Many of us travel on long journeys in the car to get to our fantastic holiday destinations.
We spend hours packing, rearranging everything in the car, packing the kids toys, bikes, their favourite teddy, the porta-cot, a few snacks, and then finally everyone hops in the car ready to go.
One thing many of us forget to pack for this journey is drinking water for the infants, or even ourselves! You’re half way down the road and someone says ‘I’m thirsty’.
Travelling with babies and children in the car sometimes takes a little bit of planning, even if it’s just a trip to the local shops, they will still ask for a drink 2 minutes from home. It makes life easier with a baby if you head out prepared. But many ask how do people travel with sterile water for baby? Unless you have a kettle and electricity handy all the time to sterilise the water- and then a car fridge to cool the boiled water back down- it is a lot more convenient to purchase a filtered and pasteurised infant or baby water ready to use. Many supermarkets now sell infants drinking water, safe from birth to drink.
When driving longer distances it’s important to stop for regular breaks where you can refuel, rehydrate, stretch your legs and relax before continuing on your journey. However the best infant drink while travelling, is the one you have already with you in the car, as there is so much time to eat and drink in the car, and then when you stop you can concentrate on toilet stops and stretching your legs.
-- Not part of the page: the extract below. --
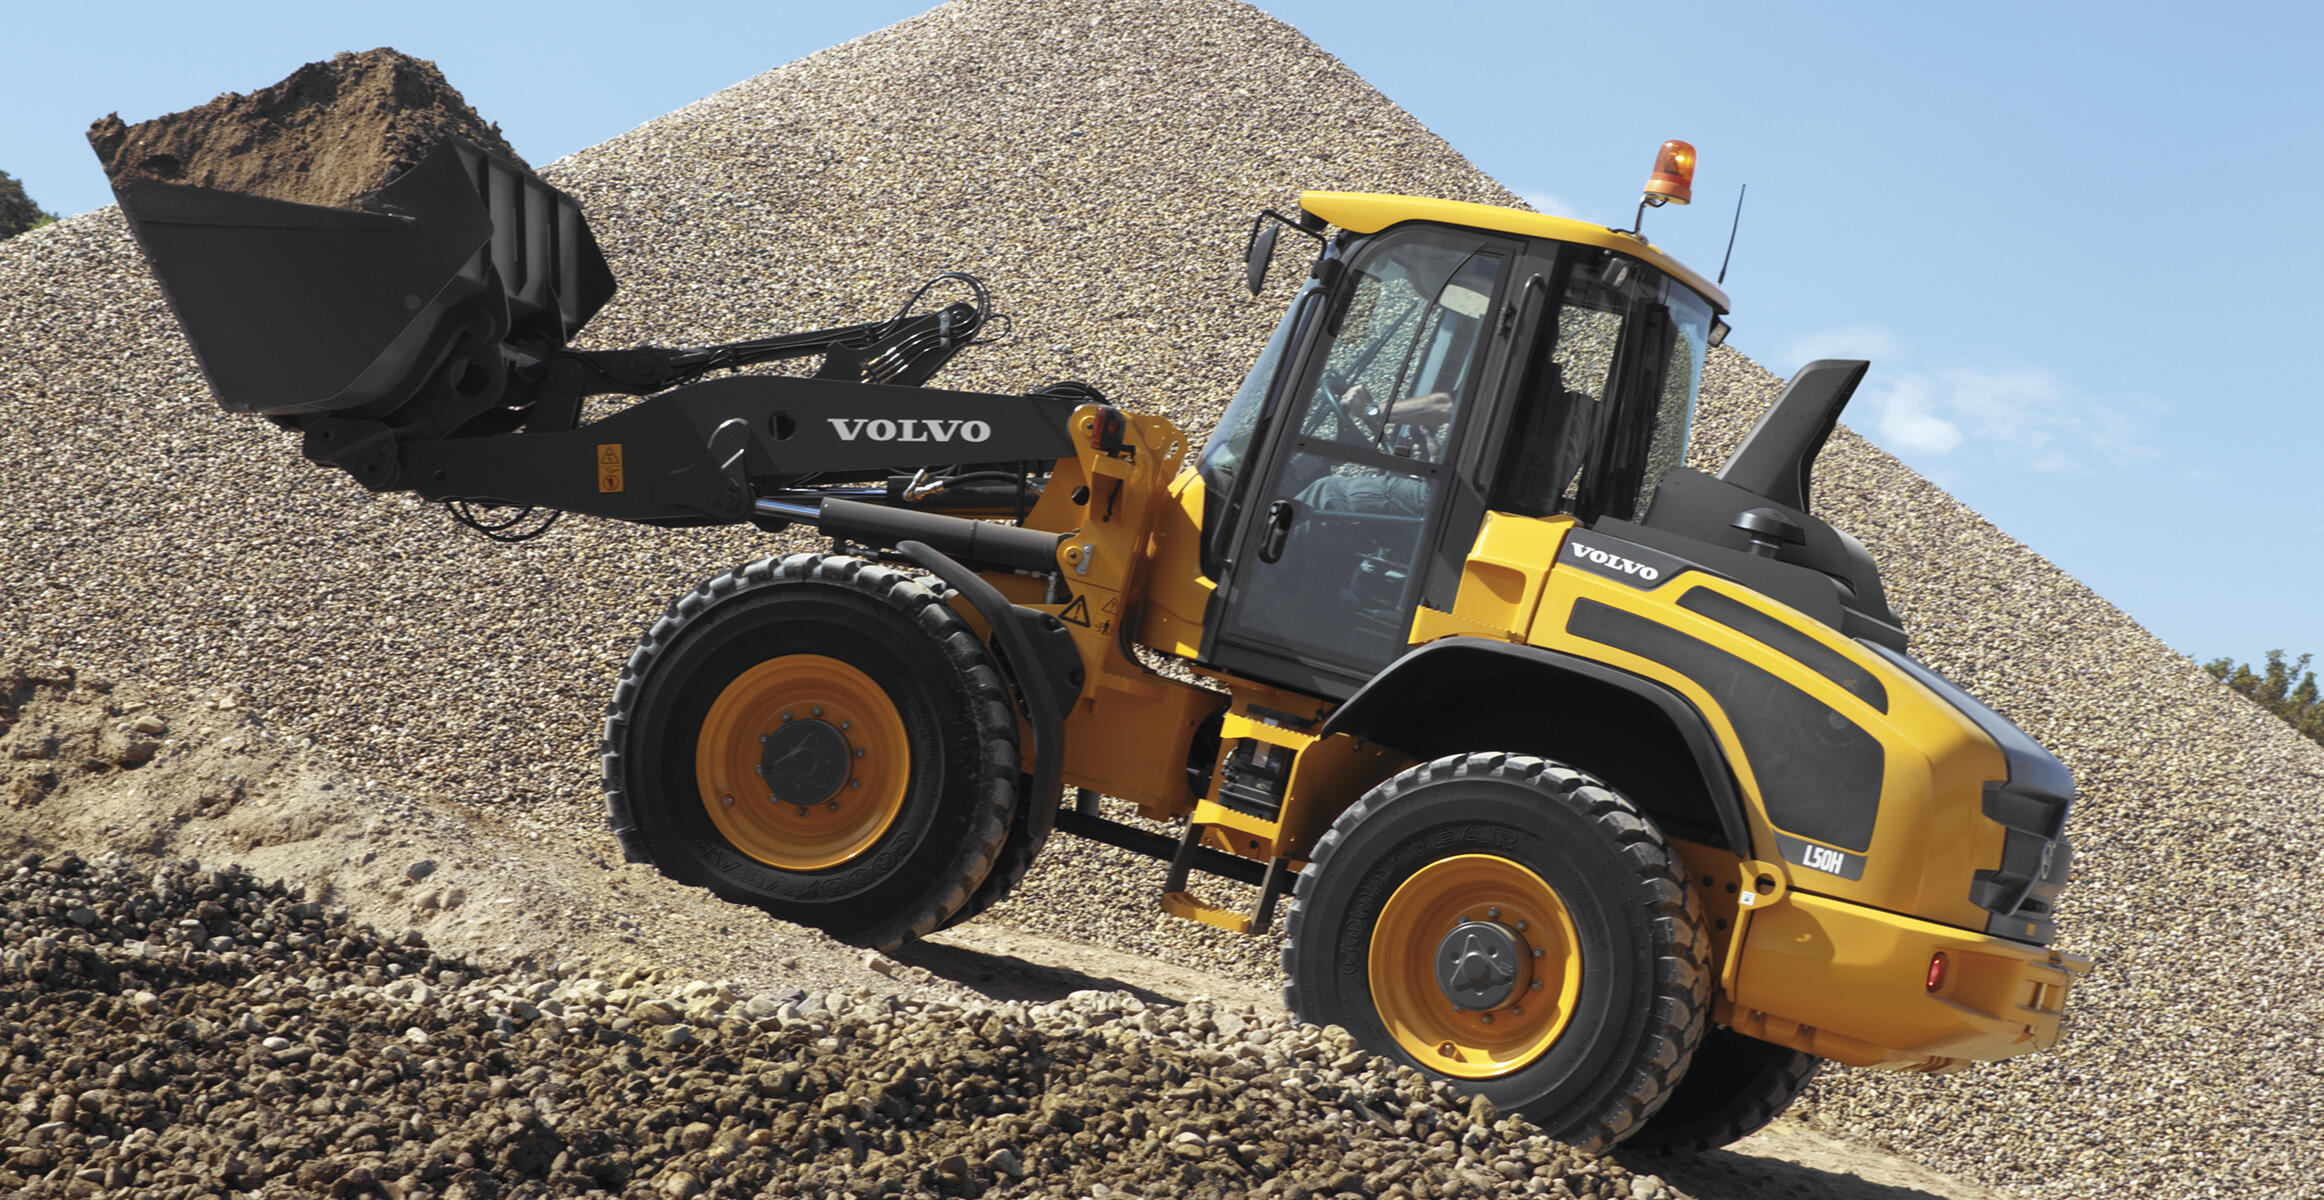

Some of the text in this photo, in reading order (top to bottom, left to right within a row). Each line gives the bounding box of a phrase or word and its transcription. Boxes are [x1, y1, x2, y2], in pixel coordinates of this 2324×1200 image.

[827, 418, 991, 442] VOLVO
[1571, 542, 1659, 581] VOLVO
[1802, 844, 1845, 875] L50H
[1343, 825, 1517, 977] GOODYEAR
It is important to be aware of the needs of those travelling with you, especially when travelling distances with children. Feeling thirsty is generally a good indicator for adults of when your body needs more water. However babies are unable to communicate and many infants find it a difficult cue to recognise.
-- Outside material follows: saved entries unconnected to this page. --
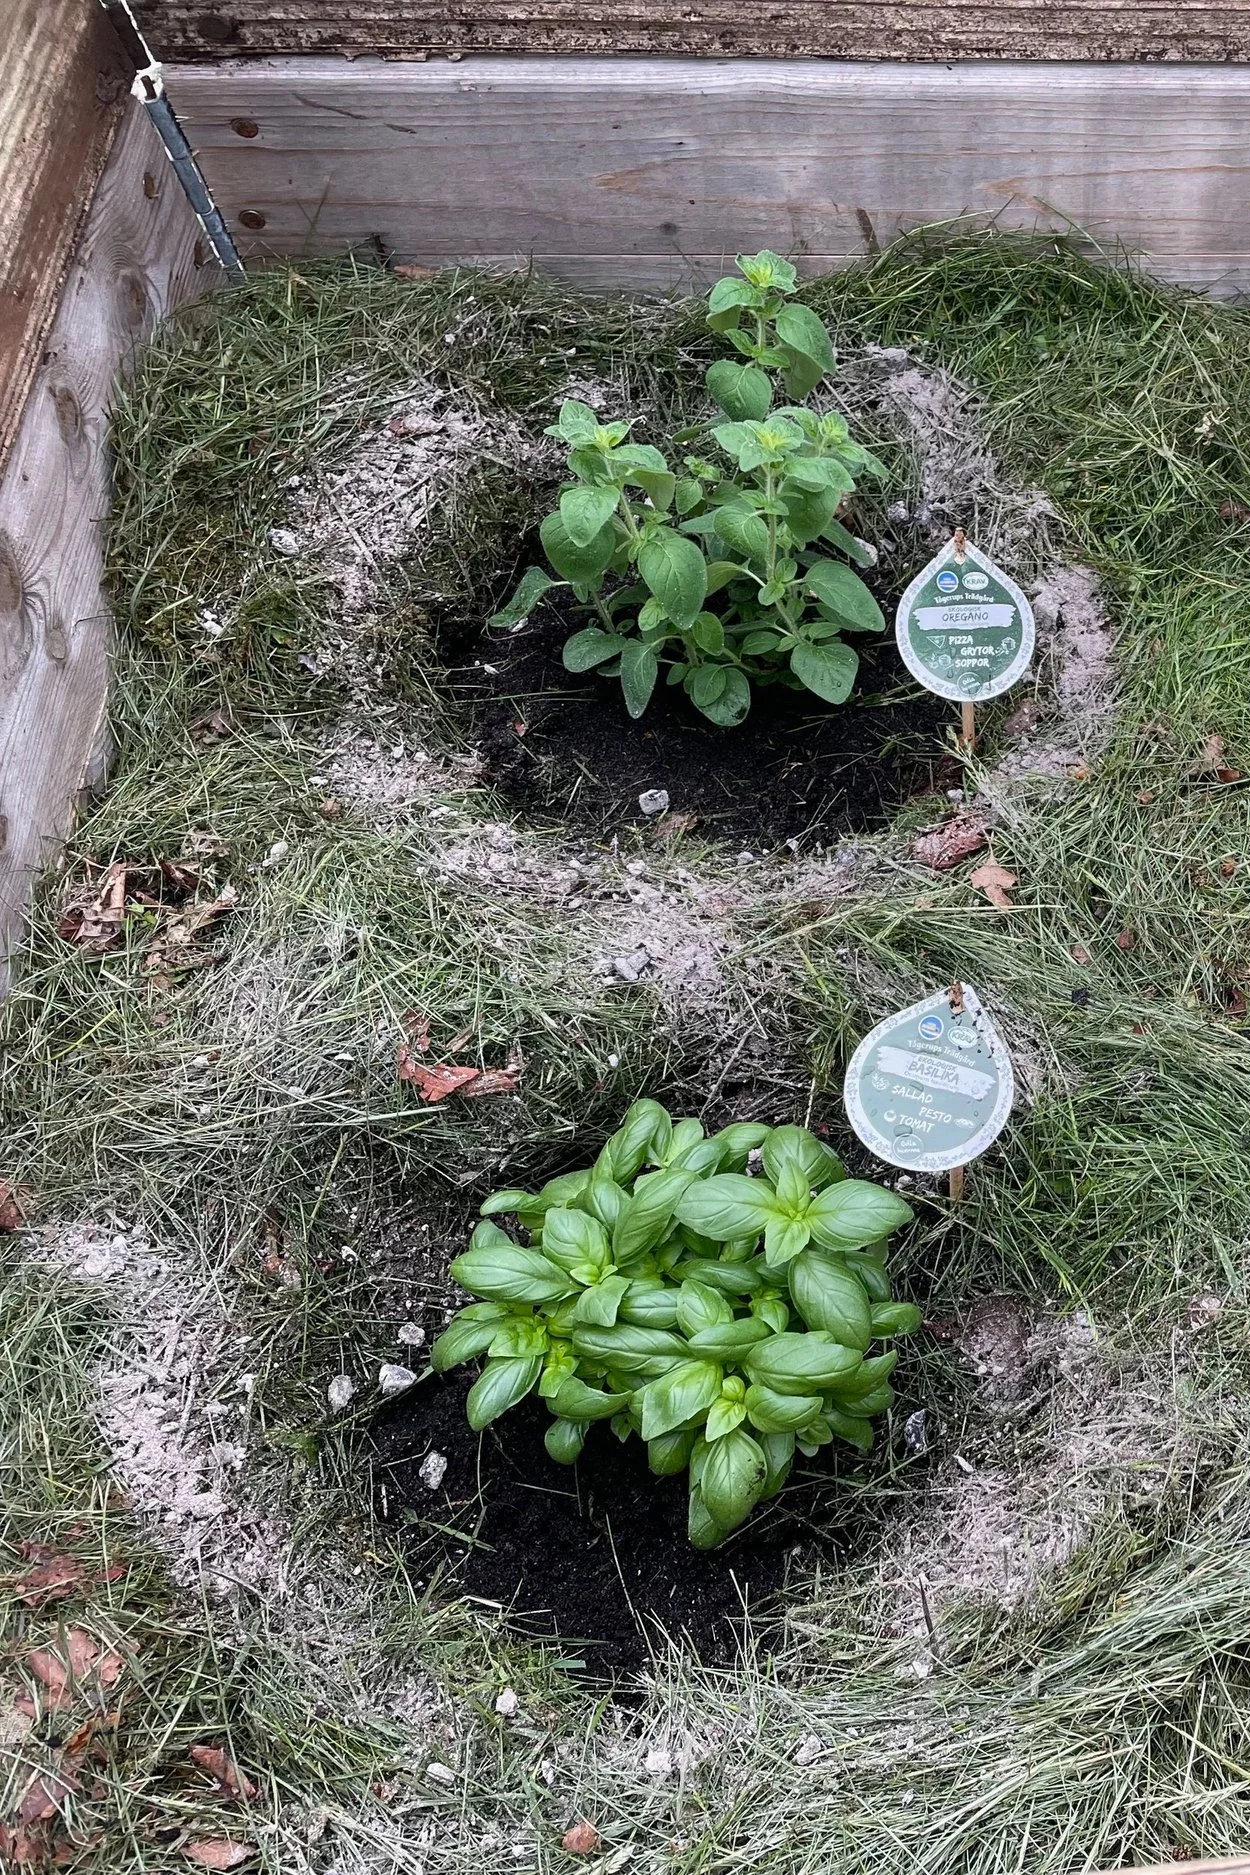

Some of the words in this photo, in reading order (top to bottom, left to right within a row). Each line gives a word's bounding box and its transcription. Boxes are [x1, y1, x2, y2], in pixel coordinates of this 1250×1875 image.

[966, 576, 986, 586] KRAV
[942, 613, 989, 622] OREGANO
[949, 635, 974, 645] PIZZA
[960, 646, 995, 656] GRYTOR
[955, 658, 990, 668] SOPPOR
[908, 1060, 961, 1086] BASILIKA
[891, 1084, 934, 1104] SALLAD
[918, 1107, 952, 1123] PESTO
[899, 1114, 936, 1133] TOMAT
Car travel can dehydrate babies, especially if sleeping longer with the sun coming through the window increasing the heat in the car and the air conditioning on. Encouraging infants to drink water you have brought for them in the car will help prevent dehydration. In children over 6 months, giving baby water will help to replenish any that has been lost due to sweating. Taking your baby’s water in a bottle that can be easily squeezed into their mouth whilst travelling or if you are not breastfeeding you will need to take baby water to mix with formula when you have a chance to stop to recharge their batteries.